(Beginning of Exercise input)
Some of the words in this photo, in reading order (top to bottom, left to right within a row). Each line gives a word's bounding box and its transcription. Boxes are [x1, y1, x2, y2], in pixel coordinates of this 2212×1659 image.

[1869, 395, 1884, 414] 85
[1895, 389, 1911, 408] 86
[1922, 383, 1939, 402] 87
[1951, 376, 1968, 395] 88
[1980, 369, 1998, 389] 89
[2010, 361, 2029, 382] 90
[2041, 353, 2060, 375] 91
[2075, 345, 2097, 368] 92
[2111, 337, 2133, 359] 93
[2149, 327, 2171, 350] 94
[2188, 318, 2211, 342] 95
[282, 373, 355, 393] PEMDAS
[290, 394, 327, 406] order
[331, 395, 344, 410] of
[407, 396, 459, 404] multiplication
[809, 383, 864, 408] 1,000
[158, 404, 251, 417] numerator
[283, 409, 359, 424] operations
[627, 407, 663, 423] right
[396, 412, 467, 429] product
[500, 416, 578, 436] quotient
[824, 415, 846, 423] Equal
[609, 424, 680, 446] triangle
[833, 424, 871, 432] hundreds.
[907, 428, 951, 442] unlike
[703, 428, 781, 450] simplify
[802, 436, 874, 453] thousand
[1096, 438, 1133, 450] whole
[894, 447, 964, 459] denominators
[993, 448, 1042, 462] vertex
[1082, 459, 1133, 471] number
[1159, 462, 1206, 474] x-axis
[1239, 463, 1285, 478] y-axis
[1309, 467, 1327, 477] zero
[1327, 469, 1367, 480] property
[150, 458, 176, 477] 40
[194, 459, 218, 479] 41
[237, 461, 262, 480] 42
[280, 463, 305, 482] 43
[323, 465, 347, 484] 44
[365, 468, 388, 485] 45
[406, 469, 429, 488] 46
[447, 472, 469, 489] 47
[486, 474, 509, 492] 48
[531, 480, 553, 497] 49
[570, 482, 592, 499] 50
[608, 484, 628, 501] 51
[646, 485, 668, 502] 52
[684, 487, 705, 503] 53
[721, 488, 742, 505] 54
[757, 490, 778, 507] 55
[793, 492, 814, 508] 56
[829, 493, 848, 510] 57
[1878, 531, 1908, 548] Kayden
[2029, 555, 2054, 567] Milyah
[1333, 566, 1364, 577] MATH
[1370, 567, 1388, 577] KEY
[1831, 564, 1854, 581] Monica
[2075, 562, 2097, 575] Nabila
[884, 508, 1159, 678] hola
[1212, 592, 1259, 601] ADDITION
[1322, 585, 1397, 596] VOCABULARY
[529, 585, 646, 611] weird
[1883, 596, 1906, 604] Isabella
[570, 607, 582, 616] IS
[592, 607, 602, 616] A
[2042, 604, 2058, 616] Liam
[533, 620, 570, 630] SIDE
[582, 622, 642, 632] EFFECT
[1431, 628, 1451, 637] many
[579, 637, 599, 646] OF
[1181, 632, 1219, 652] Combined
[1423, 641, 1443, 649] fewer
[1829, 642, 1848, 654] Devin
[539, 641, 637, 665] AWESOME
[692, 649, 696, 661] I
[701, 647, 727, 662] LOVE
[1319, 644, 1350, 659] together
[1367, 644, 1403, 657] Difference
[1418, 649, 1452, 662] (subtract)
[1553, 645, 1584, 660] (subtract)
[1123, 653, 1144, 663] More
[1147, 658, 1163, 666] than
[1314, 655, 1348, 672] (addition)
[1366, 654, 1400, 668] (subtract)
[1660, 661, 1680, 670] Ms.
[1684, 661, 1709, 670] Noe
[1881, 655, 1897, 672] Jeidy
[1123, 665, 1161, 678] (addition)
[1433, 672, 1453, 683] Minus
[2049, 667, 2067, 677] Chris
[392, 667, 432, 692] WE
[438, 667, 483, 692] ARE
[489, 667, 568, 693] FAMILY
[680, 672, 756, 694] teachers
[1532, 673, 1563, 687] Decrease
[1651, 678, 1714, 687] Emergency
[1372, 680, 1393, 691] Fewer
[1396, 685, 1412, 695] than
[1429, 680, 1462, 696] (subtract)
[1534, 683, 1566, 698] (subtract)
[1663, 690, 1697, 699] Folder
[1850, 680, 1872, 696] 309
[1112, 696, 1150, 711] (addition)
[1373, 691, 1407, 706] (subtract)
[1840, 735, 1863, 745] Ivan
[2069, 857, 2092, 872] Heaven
(End of Exercise input)
*Work required*. Repeat the data verbatim.

*Written solution*.
Some of the words in this photo, in reading order (top to bottom, left to right within a row). Each line gives a word's bounding box and its transcription. Boxes are [x1, y1, x2, y2], in pixel coordinates of this 2212×1659 image.

[1869, 395, 1884, 414] 85
[1895, 389, 1911, 408] 86
[1922, 383, 1939, 402] 87
[1951, 376, 1968, 395] 88
[1980, 369, 1998, 389] 89
[2010, 361, 2029, 382] 90
[2041, 353, 2060, 375] 91
[2075, 345, 2097, 368] 92
[2111, 337, 2133, 359] 93
[2149, 327, 2171, 350] 94
[2188, 318, 2211, 342] 95
[282, 373, 355, 393] PEMDAS
[290, 394, 327, 406] order
[331, 395, 344, 410] of
[407, 396, 459, 404] multiplication
[809, 383, 864, 408] 1,000
[158, 404, 251, 417] numerator
[283, 409, 359, 424] operations
[627, 407, 663, 423] right
[396, 412, 467, 429] product
[500, 416, 578, 436] quotient
[824, 415, 846, 423] Equal
[609, 424, 680, 446] triangle
[833, 424, 871, 432] hundreds.
[907, 428, 951, 442] unlike
[703, 428, 781, 450] simplify
[802, 436, 874, 453] thousand
[1096, 438, 1133, 450] whole
[894, 447, 964, 459] denominators
[993, 448, 1042, 462] vertex
[1082, 459, 1133, 471] number
[1159, 462, 1206, 474] x-axis
[1239, 463, 1285, 478] y-axis
[1309, 467, 1327, 477] zero
[1327, 469, 1367, 480] property
[150, 458, 176, 477] 40
[194, 459, 218, 479] 41
[237, 461, 262, 480] 42
[280, 463, 305, 482] 43
[323, 465, 347, 484] 44
[365, 468, 388, 485] 45
[406, 469, 429, 488] 46
[447, 472, 469, 489] 47
[486, 474, 509, 492] 48
[531, 480, 553, 497] 49
[570, 482, 592, 499] 50
[608, 484, 628, 501] 51
[646, 485, 668, 502] 52
[684, 487, 705, 503] 53
[721, 488, 742, 505] 54
[757, 490, 778, 507] 55
[793, 492, 814, 508] 56
[829, 493, 848, 510] 57
[1878, 531, 1908, 548] Kayden
[2029, 555, 2054, 567] Milyah
[1333, 566, 1364, 577] MATH
[1370, 567, 1388, 577] KEY
[1831, 564, 1854, 581] Monica
[2075, 562, 2097, 575] Nabila
[884, 508, 1159, 678] hola
[1212, 592, 1259, 601] ADDITION
[1322, 585, 1397, 596] VOCABULARY
[529, 585, 646, 611] weird
[1883, 596, 1906, 604] Isabella
[570, 607, 582, 616] IS
[592, 607, 602, 616] A
[2042, 604, 2058, 616] Liam
[533, 620, 570, 630] SIDE
[582, 622, 642, 632] EFFECT
[1431, 628, 1451, 637] many
[579, 637, 599, 646] OF
[1181, 632, 1219, 652] Combined
[1423, 641, 1443, 649] fewer
[1829, 642, 1848, 654] Devin
[539, 641, 637, 665] AWESOME
[692, 649, 696, 661] I
[701, 647, 727, 662] LOVE
[1319, 644, 1350, 659] together
[1367, 644, 1403, 657] Difference
[1418, 649, 1452, 662] (subtract)
[1553, 645, 1584, 660] (subtract)
[1123, 653, 1144, 663] More
[1147, 658, 1163, 666] than
[1314, 655, 1348, 672] (addition)
[1366, 654, 1400, 668] (subtract)
[1660, 661, 1680, 670] Ms.
[1684, 661, 1709, 670] Noe
[1881, 655, 1897, 672] Jeidy
[1123, 665, 1161, 678] (addition)
[1433, 672, 1453, 683] Minus
[2049, 667, 2067, 677] Chris
[392, 667, 432, 692] WE
[438, 667, 483, 692] ARE
[489, 667, 568, 693] FAMILY
[680, 672, 756, 694] teachers
[1532, 673, 1563, 687] Decrease
[1651, 678, 1714, 687] Emergency
[1372, 680, 1393, 691] Fewer
[1396, 685, 1412, 695] than
[1429, 680, 1462, 696] (subtract)
[1534, 683, 1566, 698] (subtract)
[1663, 690, 1697, 699] Folder
[1850, 680, 1872, 696] 309
[1112, 696, 1150, 711] (addition)
[1373, 691, 1407, 706] (subtract)
[1840, 735, 1863, 745] Ivan
[2069, 857, 2092, 872] Heaven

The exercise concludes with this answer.